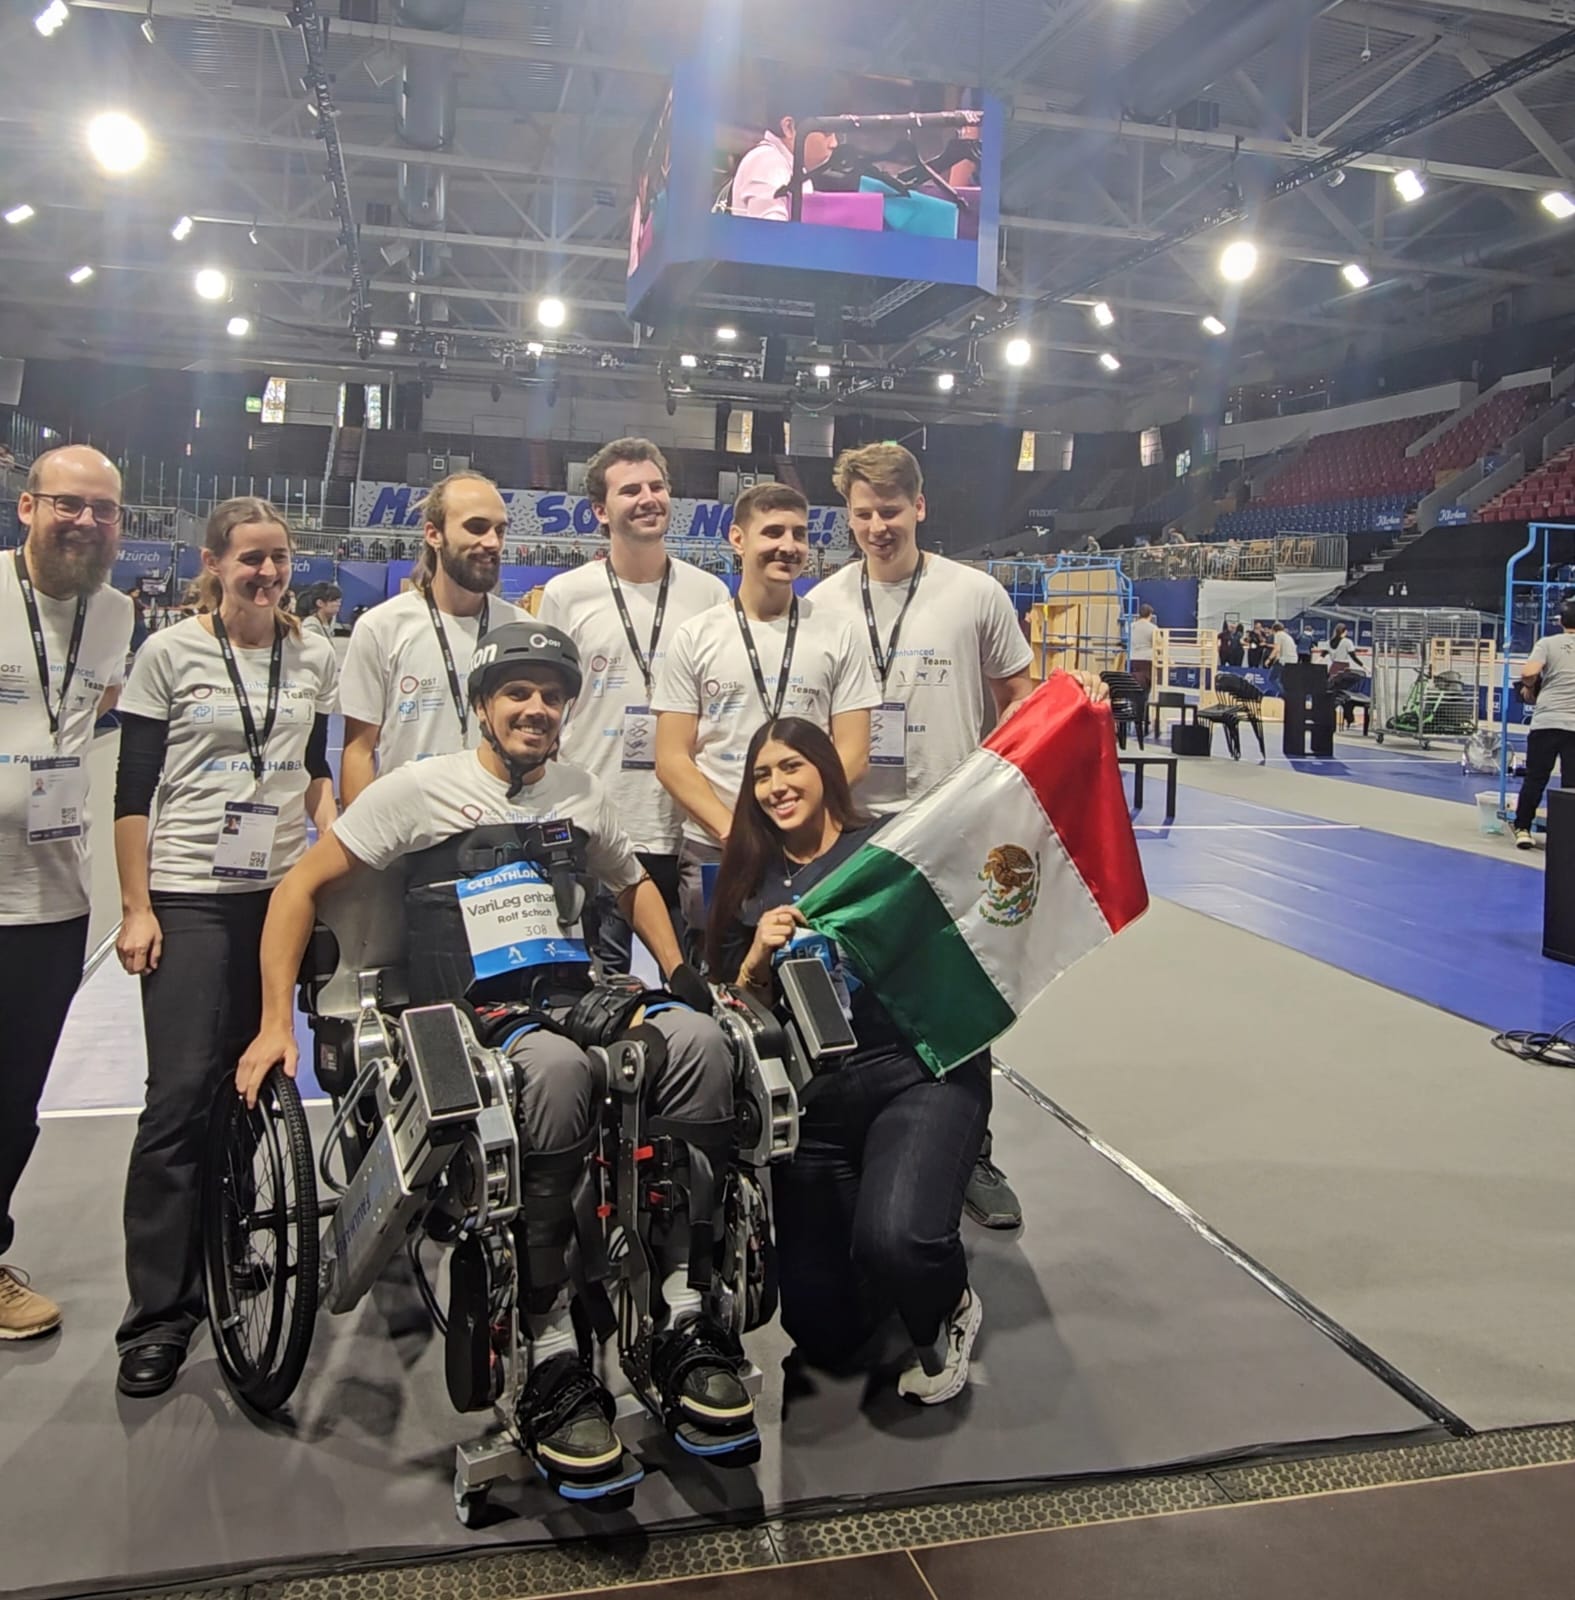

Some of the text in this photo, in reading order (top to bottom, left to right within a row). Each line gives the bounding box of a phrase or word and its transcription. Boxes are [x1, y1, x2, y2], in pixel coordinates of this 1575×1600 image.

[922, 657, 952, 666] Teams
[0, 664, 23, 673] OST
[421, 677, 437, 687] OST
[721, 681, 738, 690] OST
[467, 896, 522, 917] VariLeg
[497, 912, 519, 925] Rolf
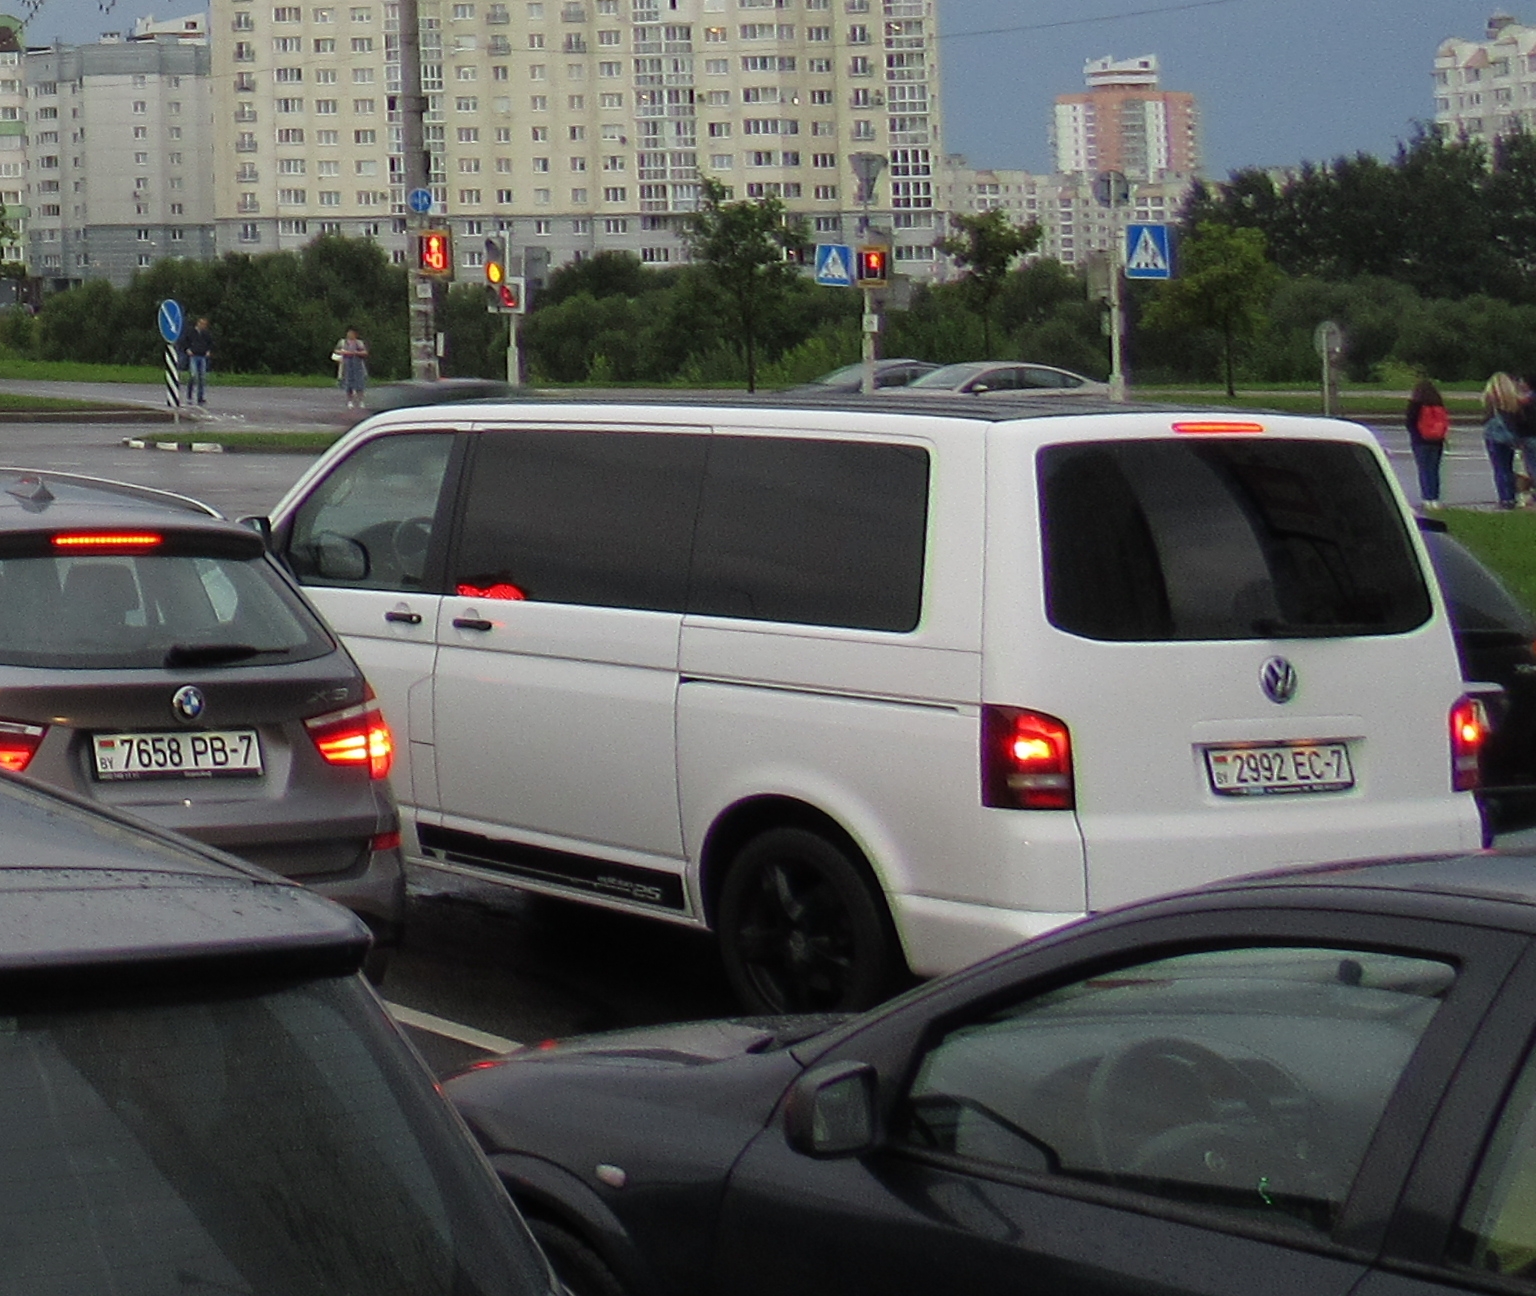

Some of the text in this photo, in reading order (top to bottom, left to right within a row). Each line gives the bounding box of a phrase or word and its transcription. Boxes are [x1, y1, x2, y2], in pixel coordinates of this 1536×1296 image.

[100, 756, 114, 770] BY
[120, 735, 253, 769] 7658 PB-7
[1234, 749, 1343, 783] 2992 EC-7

Activity:
Please restate each entry exactly, but drop any picture it holds.

Result for this exercise:
Some of the text in this photo, in reading order (top to bottom, left to right within a row). Each line gives the bounding box of a phrase or word and its transcription. Boxes are [x1, y1, x2, y2], in pixel coordinates of this 1575×1600 image.

[922, 657, 952, 666] Teams
[0, 664, 23, 673] OST
[421, 677, 437, 687] OST
[721, 681, 738, 690] OST
[467, 896, 522, 917] VariLeg
[497, 912, 519, 925] Rolf

Some of the text in this photo, in reading order (top to bottom, left to right within a row). Each line gives the bounding box of a phrase or word and its transcription. Boxes are [x1, y1, x2, y2], in pixel coordinates of this 1536×1296 image.

[100, 756, 114, 770] BY
[120, 735, 253, 769] 7658 PB-7
[1234, 749, 1343, 783] 2992 EC-7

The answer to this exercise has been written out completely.